EXERCISE REQUIREMENTS —
Each entry below is to be transcribed exactly; pictures are not copied.

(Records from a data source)
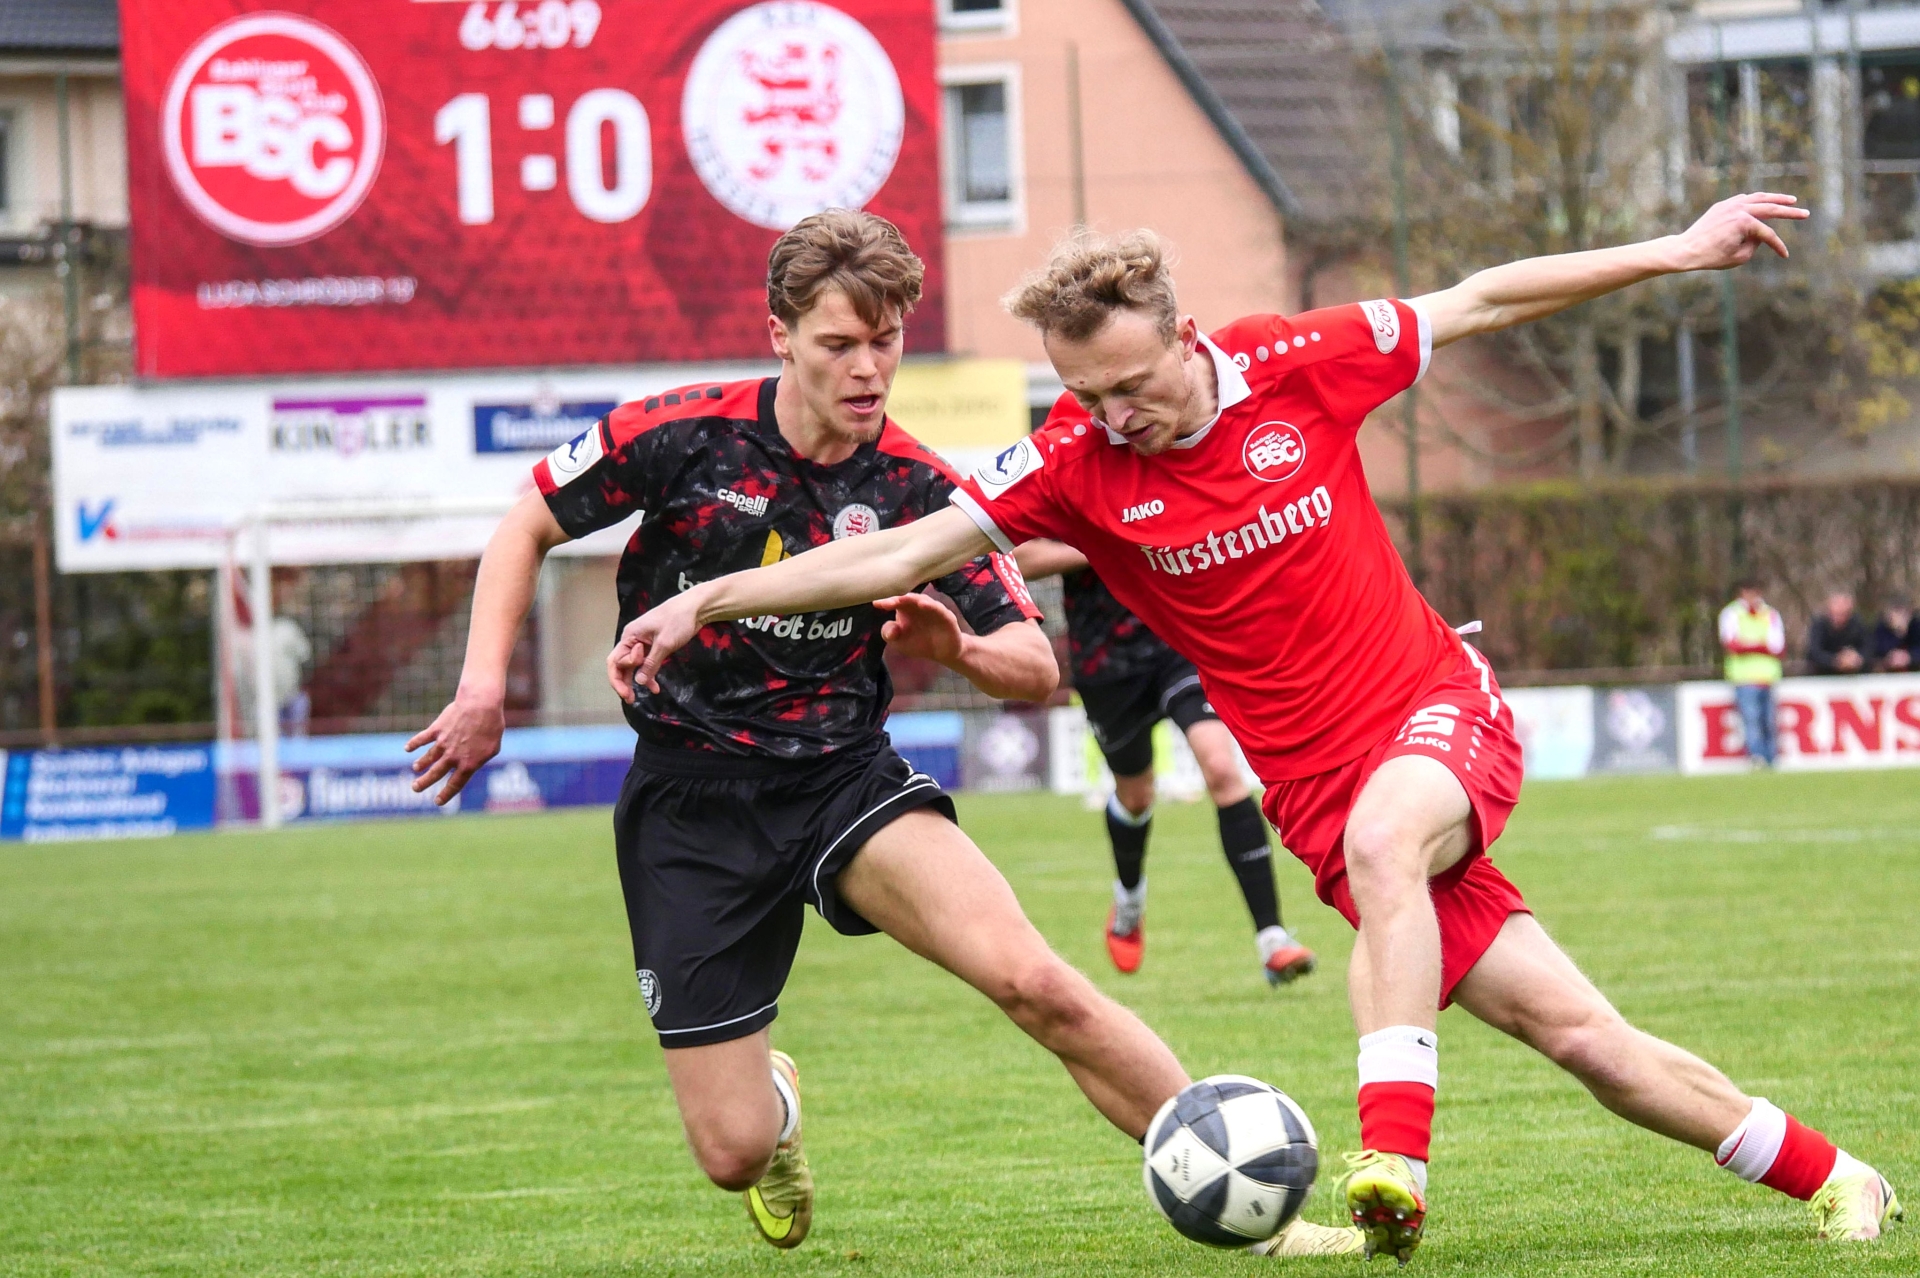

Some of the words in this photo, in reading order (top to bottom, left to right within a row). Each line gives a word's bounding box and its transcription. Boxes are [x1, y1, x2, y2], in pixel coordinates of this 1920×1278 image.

[458, 1, 602, 51] 66:09
[190, 82, 355, 199] BSC
[1247, 439, 1301, 472] BSC
[716, 488, 769, 513] capelli
[738, 505, 765, 518] SPORT
[1121, 499, 1165, 524] JAKO
[807, 615, 852, 641] bau
[1403, 735, 1452, 752] JAKO
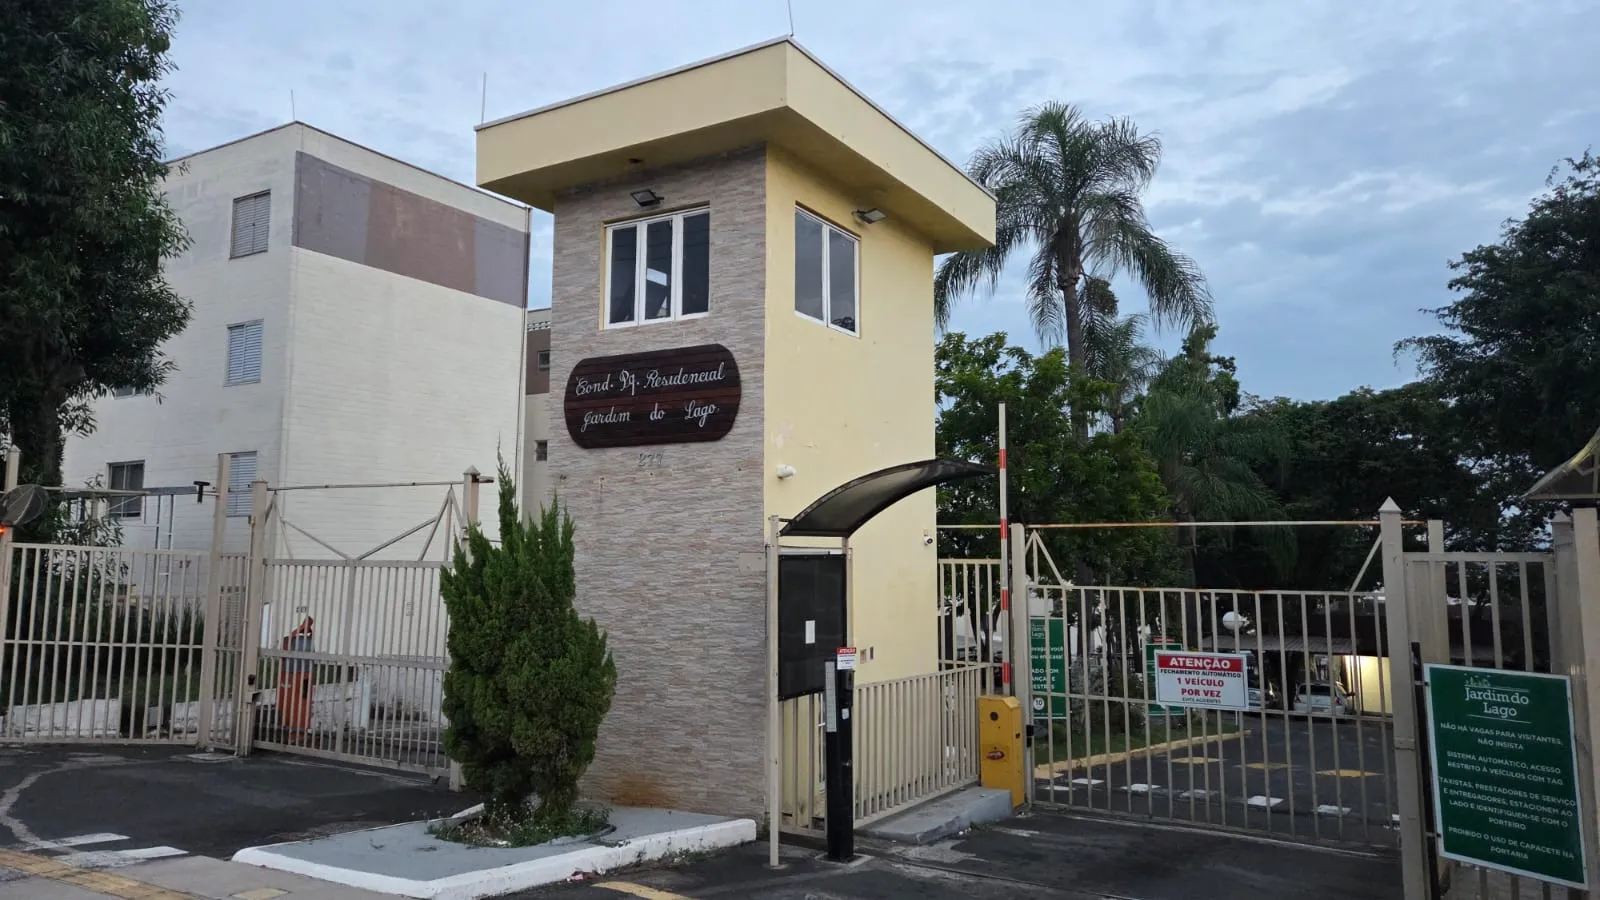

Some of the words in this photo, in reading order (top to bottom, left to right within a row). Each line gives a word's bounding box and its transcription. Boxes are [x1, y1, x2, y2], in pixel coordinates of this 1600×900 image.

[643, 362, 725, 389] Residencial
[581, 406, 631, 432] Jardim
[650, 403, 665, 421] do
[1169, 656, 1231, 670] ATENÇÃO
[1202, 670, 1242, 679] AUTOMÁTICO
[1177, 677, 1182, 685] 1
[1184, 677, 1224, 687] VEÍCULO
[1181, 688, 1201, 697] POR
[1203, 689, 1221, 698] VEZ
[1465, 687, 1511, 703] Jardim
[1510, 692, 1529, 705] do
[1482, 702, 1518, 718] Lago
[1469, 726, 1494, 735] VAGAS
[1495, 729, 1515, 738] PARA
[1495, 740, 1524, 750] INSISTA
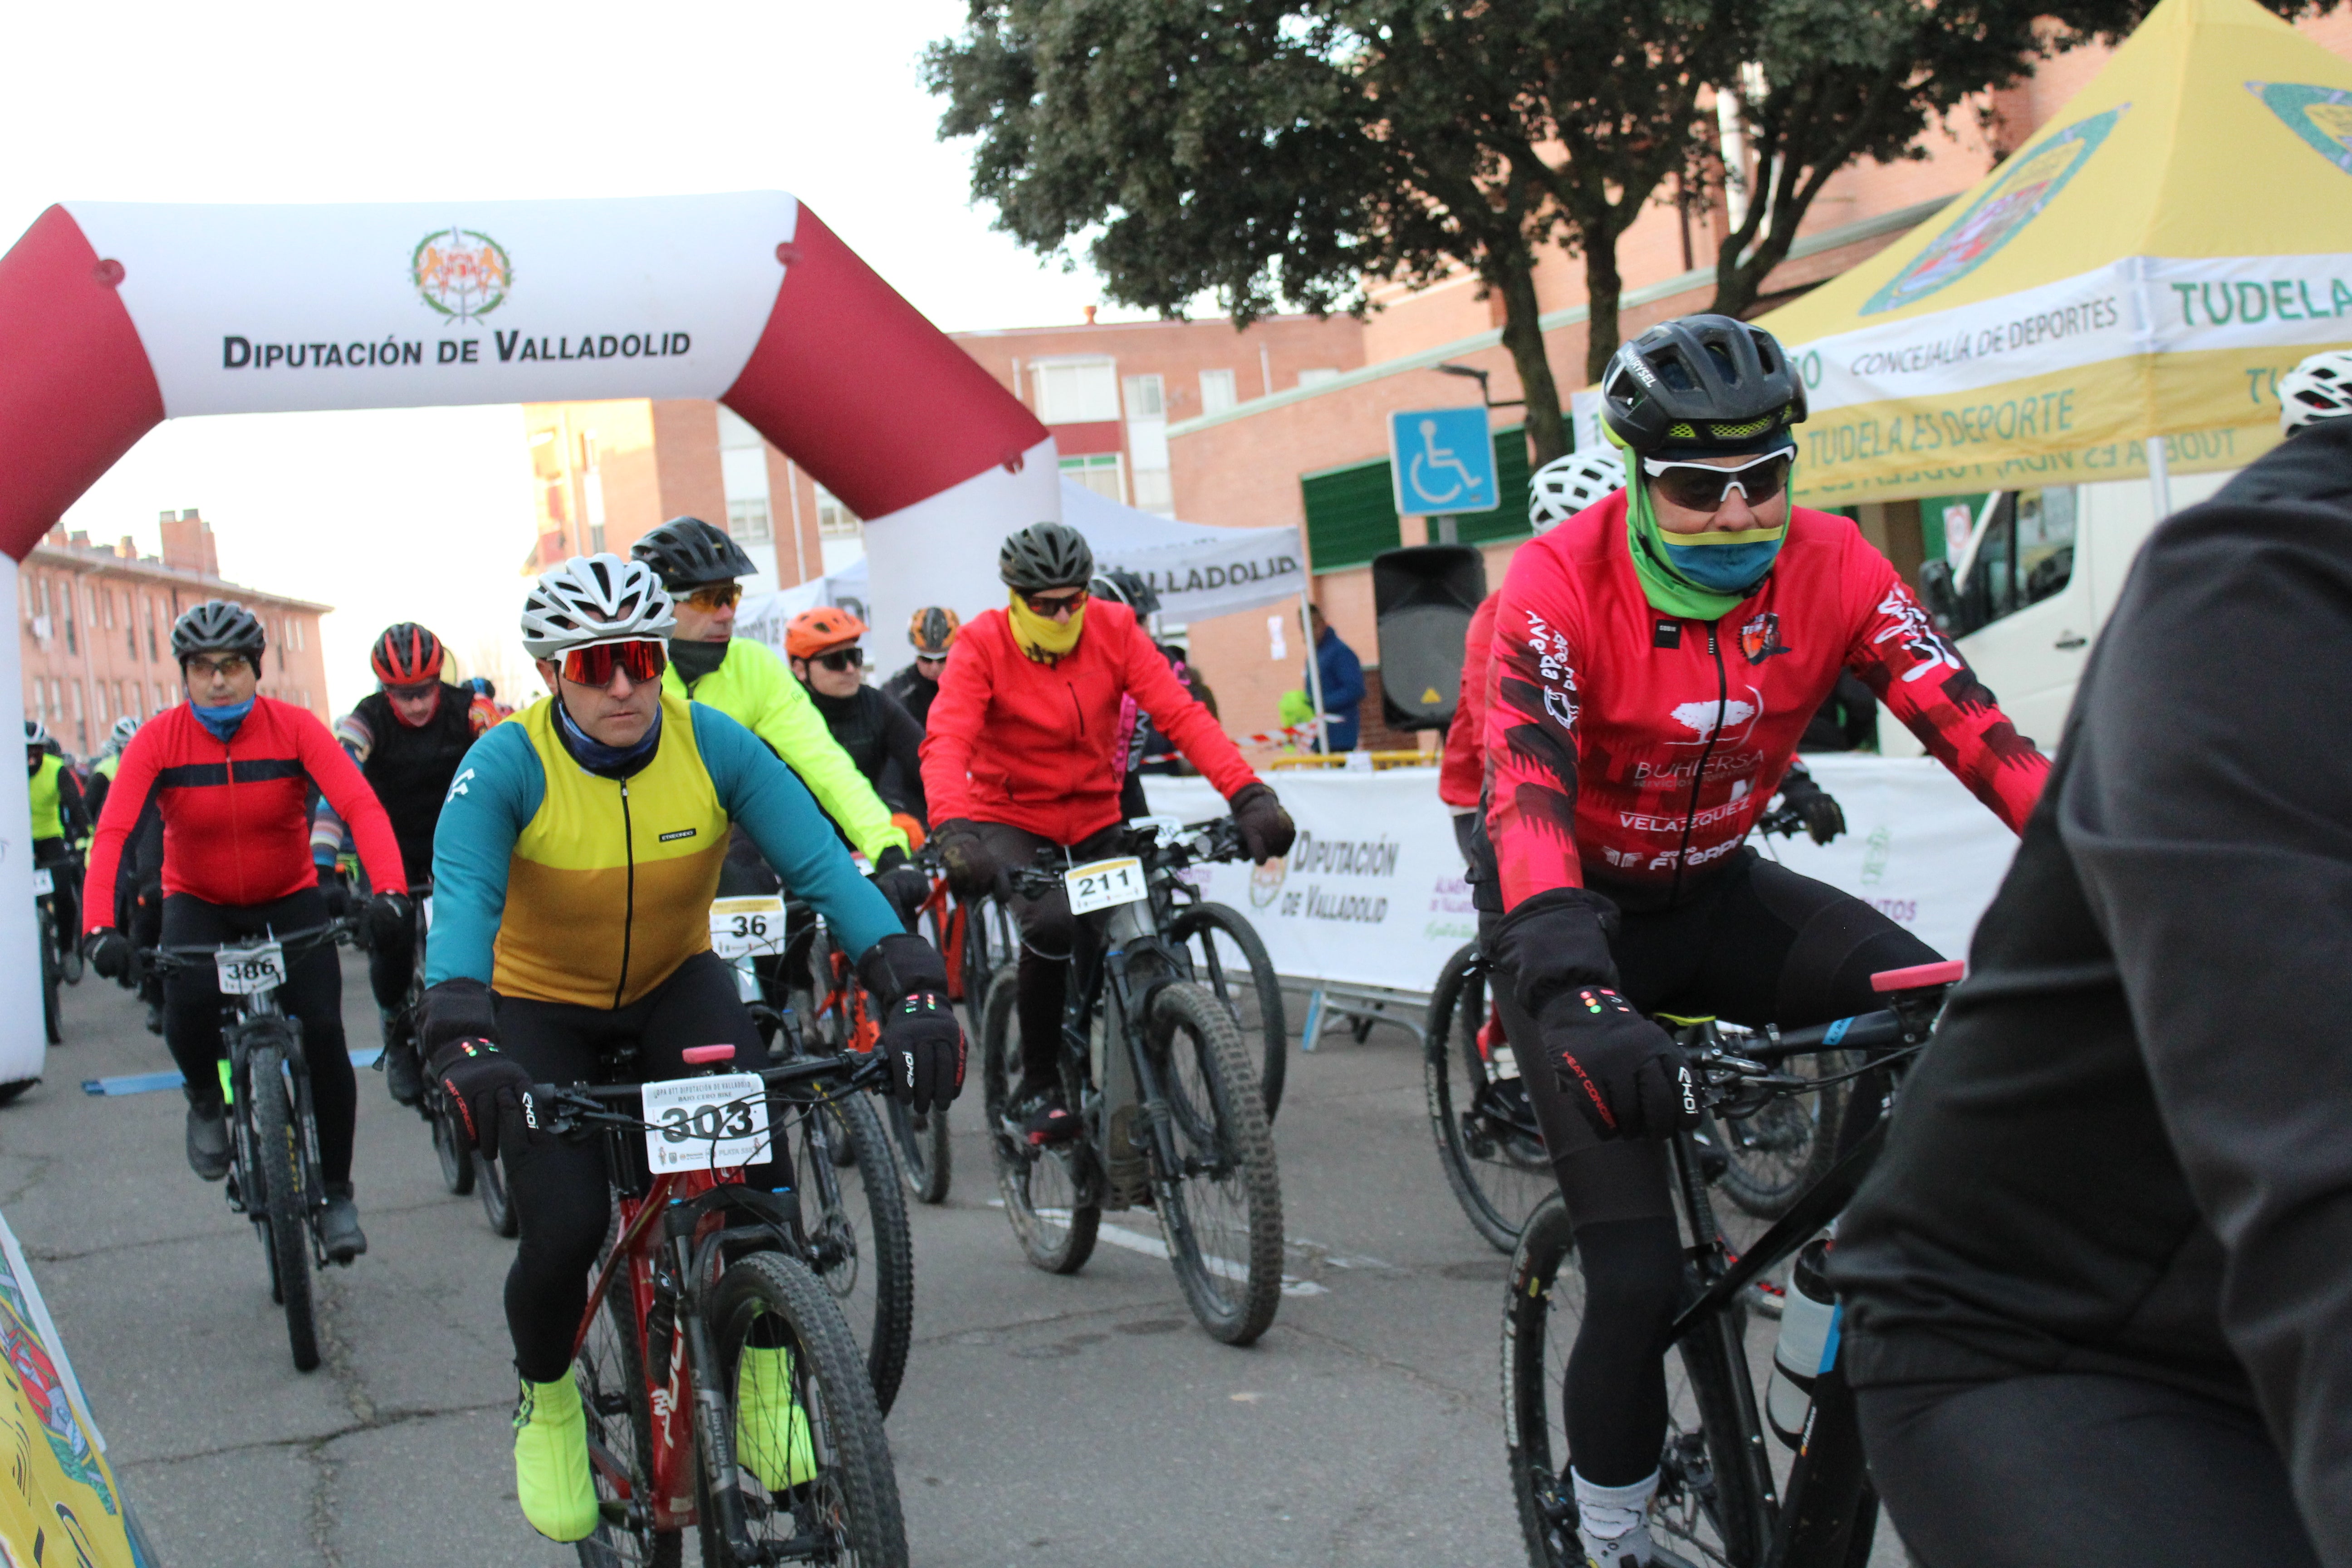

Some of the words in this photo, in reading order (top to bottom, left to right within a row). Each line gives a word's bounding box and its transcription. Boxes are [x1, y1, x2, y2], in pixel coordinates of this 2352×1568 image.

FINISHED TASK —
Some of the words in this photo, in reading order (top to bottom, left to right within a row). Each line gives a word's bounding box and its transcription. Boxes are [x1, y1, x2, y2], in pixel coordinates of this 1920×1278 image.

[458, 1, 602, 51] 66:09
[190, 82, 355, 199] BSC
[1247, 439, 1301, 472] BSC
[716, 488, 769, 513] capelli
[738, 505, 765, 518] SPORT
[1121, 499, 1165, 524] JAKO
[807, 615, 852, 641] bau
[1403, 735, 1452, 752] JAKO

Some of the words in this photo, in reading order (top to bottom, left to right within a row). Each line gives a word's bounding box and its transcription. Boxes are [x1, y1, x2, y2], in pixel coordinates of this 1600×900 image.

[643, 362, 725, 389] Residencial
[581, 406, 631, 432] Jardim
[650, 403, 665, 421] do
[1169, 656, 1231, 670] ATENÇÃO
[1202, 670, 1242, 679] AUTOMÁTICO
[1177, 677, 1182, 685] 1
[1184, 677, 1224, 687] VEÍCULO
[1181, 688, 1201, 697] POR
[1203, 689, 1221, 698] VEZ
[1465, 687, 1511, 703] Jardim
[1510, 692, 1529, 705] do
[1482, 702, 1518, 718] Lago
[1469, 726, 1494, 735] VAGAS
[1495, 729, 1515, 738] PARA
[1495, 740, 1524, 750] INSISTA

Some of the words in this photo, in reading order (top to bottom, left to right within a row). Each line gives a word's bounding box and its transcription. Boxes are [x1, y1, x2, y2], in pixel coordinates of this 2352×1568 image.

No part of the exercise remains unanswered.